但是,我的要求是继续执行一个Lambda代码,该代码将有选择地仅运行其中一部分(使用if)

But, my requirement is to go ahead with a single Lambda code, which will selectively run a part of it (using if) for only those csv files which got updated.

示例:

if (new csv file for A has arrived):
    'copy to redshift A from "s3://bucket/abc/A.csv"'
if (new csv file for B has arrived):
    'copy to redshift B from "s3://bucket/abc/B.csv"'
if (new csv file for C has arrived):
    'copy to redshift C from "s3://bucket/abc/C.csv"'

当前,为了实现这一点,我正在存储这些python dict中文件的元数据(LastModified),文件名为键。打印字典将是这样的:

Currently, to achieve this, I am storing those files' metadata (LastModified) in a python dict with the file names being the key. Printing the dict would be something like this:

{'bucket/abc/A.csv': '2019-04-17 11:14:11+00:00', 'bucket/abc/B.csv': '2019-04-18 12:55:47+00:00', 'bucket/abc/C.csv': '2019-04-17 11:09:55+00:00'}

然后,每当新文件出现在这三个文件中的任何一个中,都会触发Lambda,我正在阅读字典,并将每个文件的时间与字典中的相应值进行比较,如果增加了新的LastModified,则运行该表的copy命令。

And then, whenever a new file appears among anyone of the three, Lambda is triggered and I'm reading the dict and comparing the times of the each file with the respective values in the dict, if the new LastModified is increased, I'm running that table's copy command.

所有这些都是因为对于这种用例,我无法通过S3 event / CloudWatch找到解决方法。

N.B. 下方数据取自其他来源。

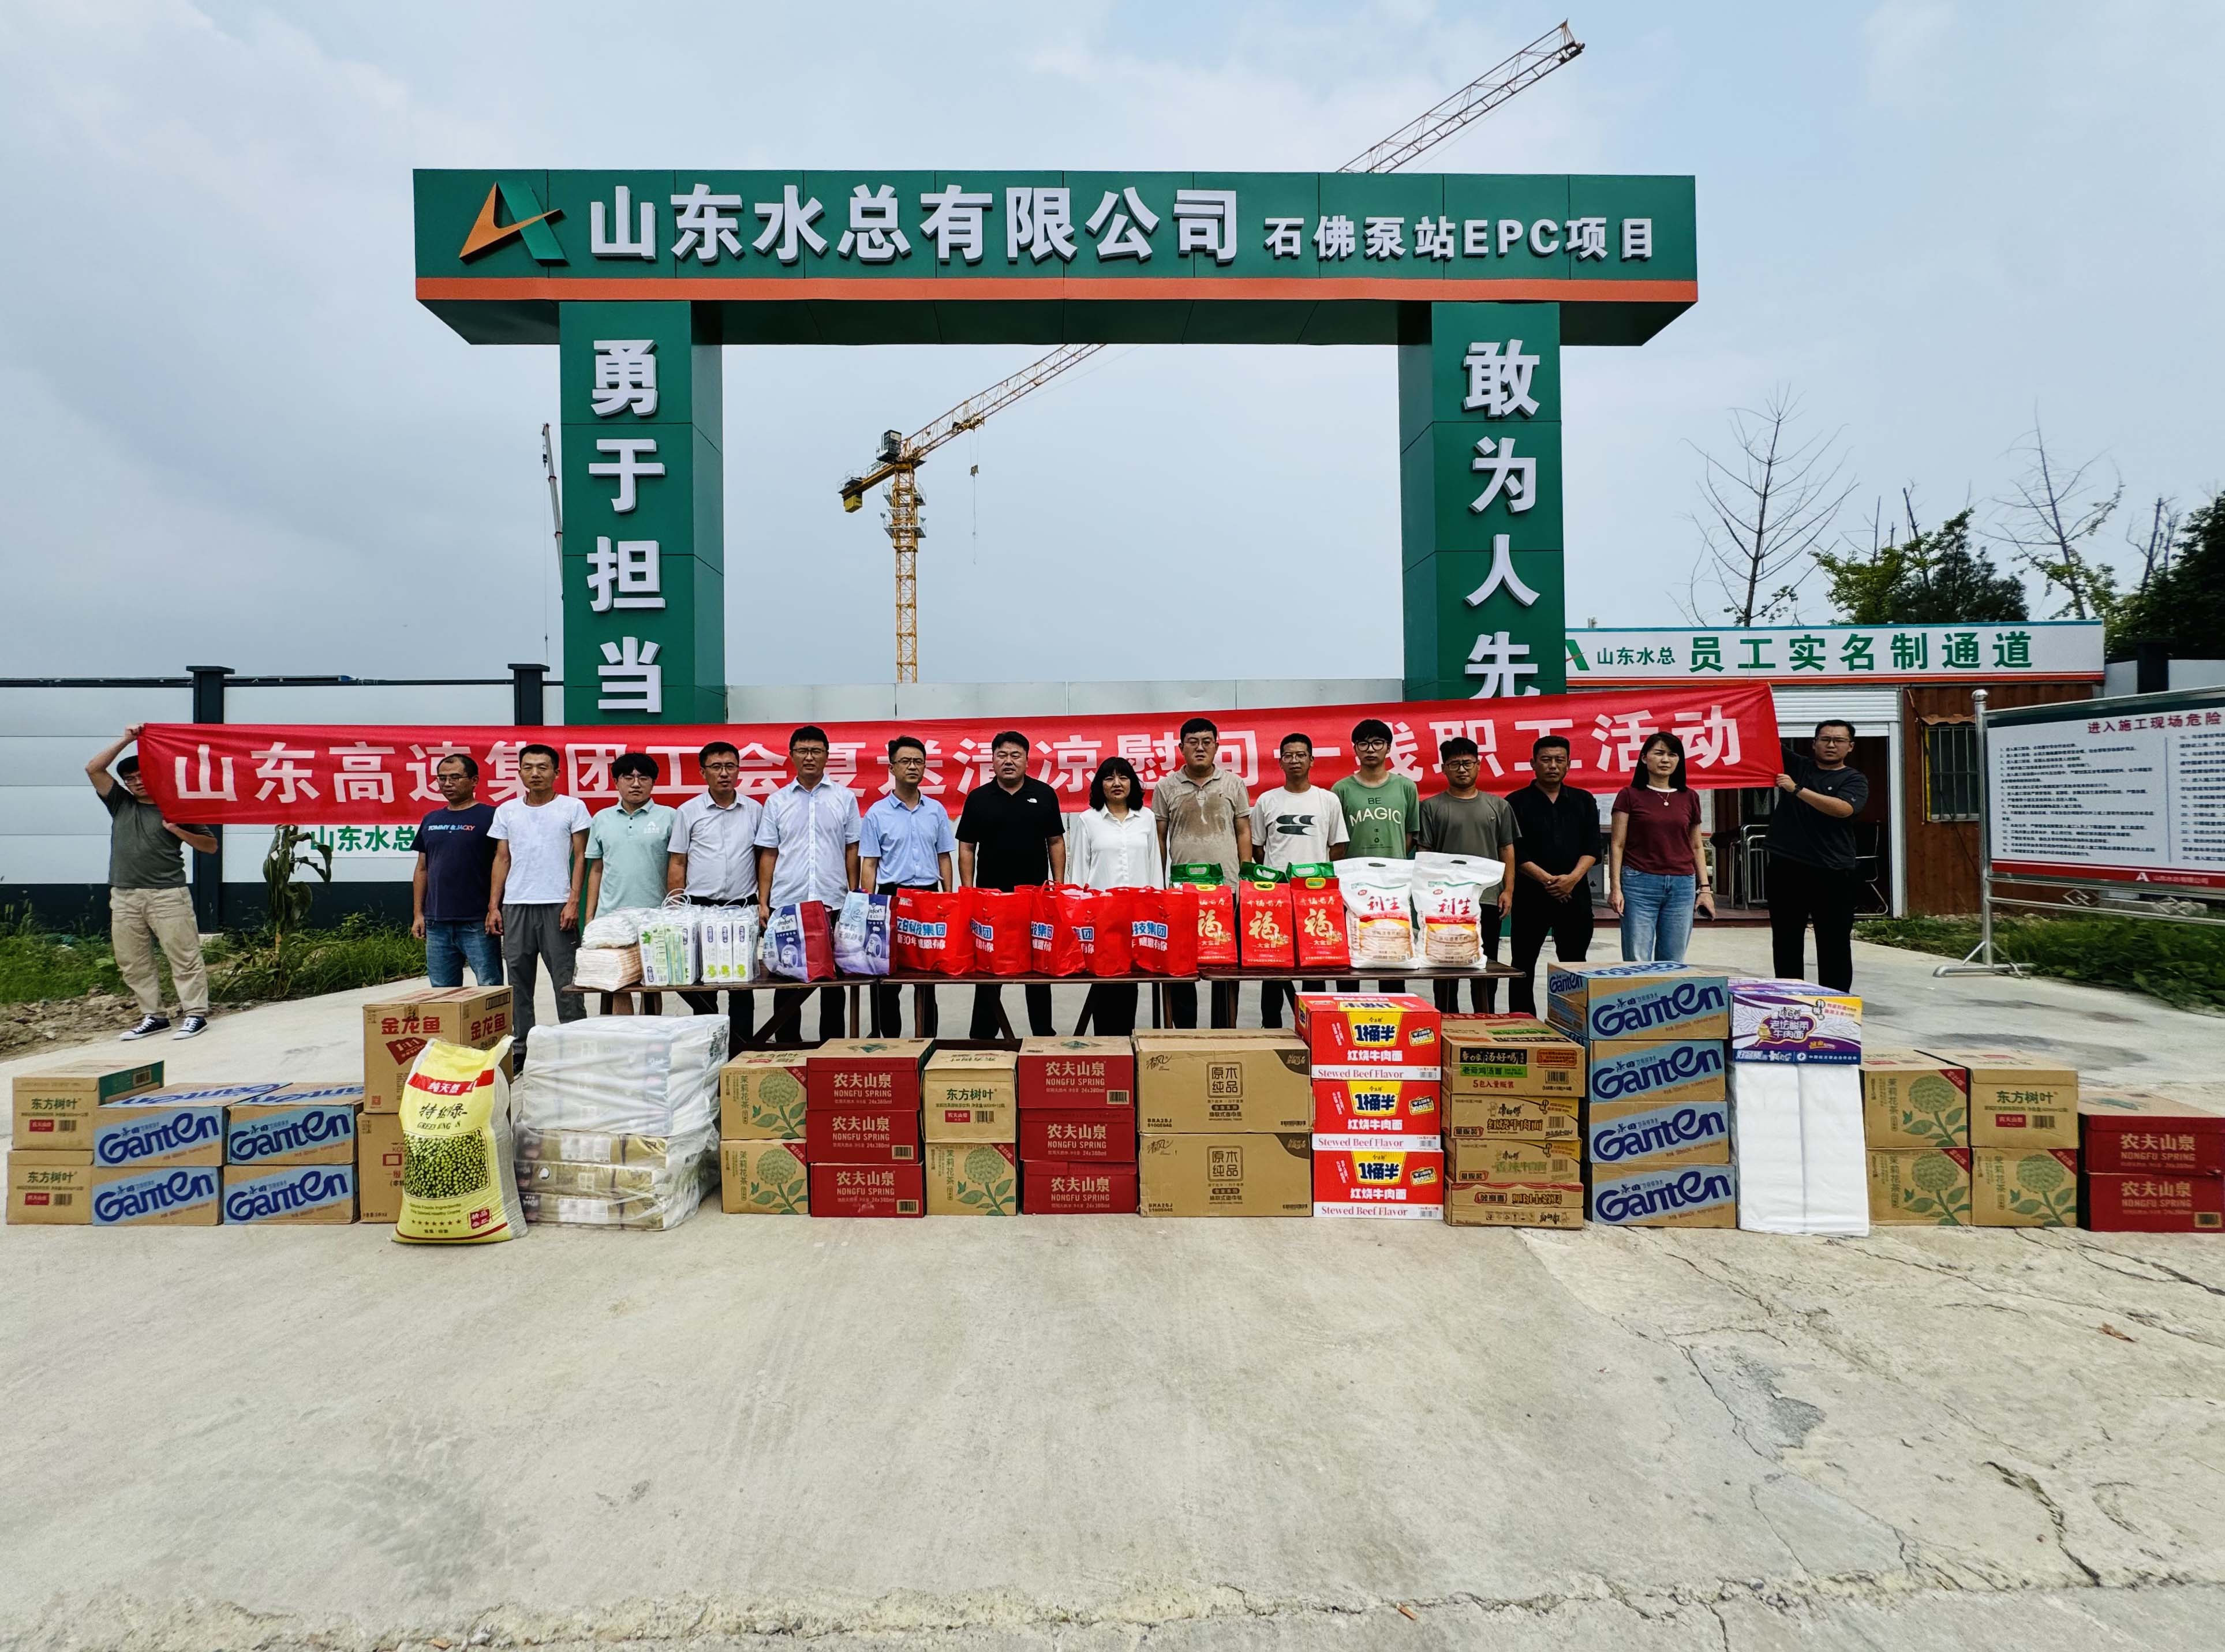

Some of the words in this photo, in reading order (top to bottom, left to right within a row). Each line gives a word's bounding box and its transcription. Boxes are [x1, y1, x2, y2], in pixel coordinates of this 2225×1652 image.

[590, 183, 1239, 264] 山东水总有限公司
[1264, 215, 1654, 262] 石佛泵站EPC项目
[586, 339, 665, 713] 勇于担当
[1463, 339, 1541, 700] 敢为人先
[1598, 647, 1676, 665] 山东水总
[1688, 630, 2033, 673] 员工实名制通道
[2088, 711, 2222, 733] 进入施工现场危险
[1349, 807, 1401, 827] MAGIC
[310, 825, 415, 852] 山东水总
[1367, 896, 1400, 912] 利生
[1438, 897, 1472, 915] 利生
[1198, 908, 1222, 938] 福
[1248, 910, 1280, 939] 福
[1304, 908, 1333, 938] 福
[381, 1016, 440, 1035] 金龙鱼
[470, 1012, 507, 1042] 金龙鱼
[1354, 1025, 1396, 1043] 1桶半
[1772, 1031, 1804, 1039] 牛肉面
[1347, 1050, 1403, 1062] 红烧牛肉面
[1045, 1061, 1105, 1076] 农夫山泉
[1211, 1067, 1238, 1080] 原木
[1318, 1069, 1349, 1078] Stewed
[1352, 1069, 1374, 1078] Beef
[1375, 1069, 1404, 1078] Flavor
[833, 1073, 892, 1088] 农夫山泉
[1046, 1078, 1075, 1086] NONGFU
[1078, 1078, 1105, 1086] SPRING
[1211, 1081, 1238, 1093] 纯品
[834, 1089, 862, 1097] NONGFU
[865, 1089, 892, 1097] SPRING
[946, 1088, 994, 1101] 东方树叶
[1996, 1091, 2054, 1104] 东方树叶
[32, 1098, 77, 1110] 东方树叶
[1354, 1094, 1396, 1111] 1桶半
[832, 1116, 890, 1132] 农夫山泉
[1047, 1123, 1107, 1140] 农夫山泉
[1347, 1119, 1403, 1130] 红烧牛肉面
[832, 1133, 861, 1141] NONGFU
[863, 1133, 890, 1141] SPRING
[1318, 1137, 1349, 1147] Stewed
[1352, 1137, 1374, 1147] Beef
[1375, 1138, 1404, 1147] Flavor
[2120, 1133, 2196, 1151] 农夫山泉
[1048, 1141, 1077, 1149] NONGFU
[1079, 1141, 1107, 1149] SPRING
[1211, 1151, 1239, 1163] 原木
[2121, 1152, 2158, 1160] NONGFU
[2161, 1153, 2196, 1162] SPRING
[28, 1171, 74, 1183] 东方树叶
[1212, 1164, 1239, 1177] 纯品
[1358, 1162, 1400, 1180] 1桶半
[836, 1171, 895, 1186] 农夫山泉
[1051, 1177, 1110, 1193] 农夫山泉
[837, 1188, 866, 1196] NONGFU
[868, 1188, 895, 1196] SPRING
[1350, 1188, 1407, 1200] 红烧牛肉面
[2121, 1181, 2192, 1197] 农夫山泉
[1051, 1193, 1080, 1201] NONGFU
[1083, 1193, 1110, 1201] SPRING
[2122, 1199, 2157, 1208] NONGFU
[2160, 1199, 2192, 1208] SPRING
[1321, 1205, 1353, 1215] Stewed
[1356, 1206, 1377, 1216] Beef
[1379, 1206, 1408, 1217] Flavor

All these, because there is no work around I could find with S3 event/CloudWatch for this kind of use-case.

请问其他问题,如果不能很好地解决问题。

Please ask further questions, if the problem couldn't be articulated well.

推荐答案

在Amazon S3事件中触发一个AWS Lambda函数,它在事件中作为提供存储桶名称和对象键

When an Amazon S3 Event triggers an AWS Lambda function, it provides the Bucket name and Object key as part of the event:

def lambda_handler(event, context):

  # Get the bucket and object key from the Event
  bucket = event['Records'][0]['s3']['bucket']['name']
  key = urllib.parse.unquote_plus(event['Records'][0]['s3']['object']['key'])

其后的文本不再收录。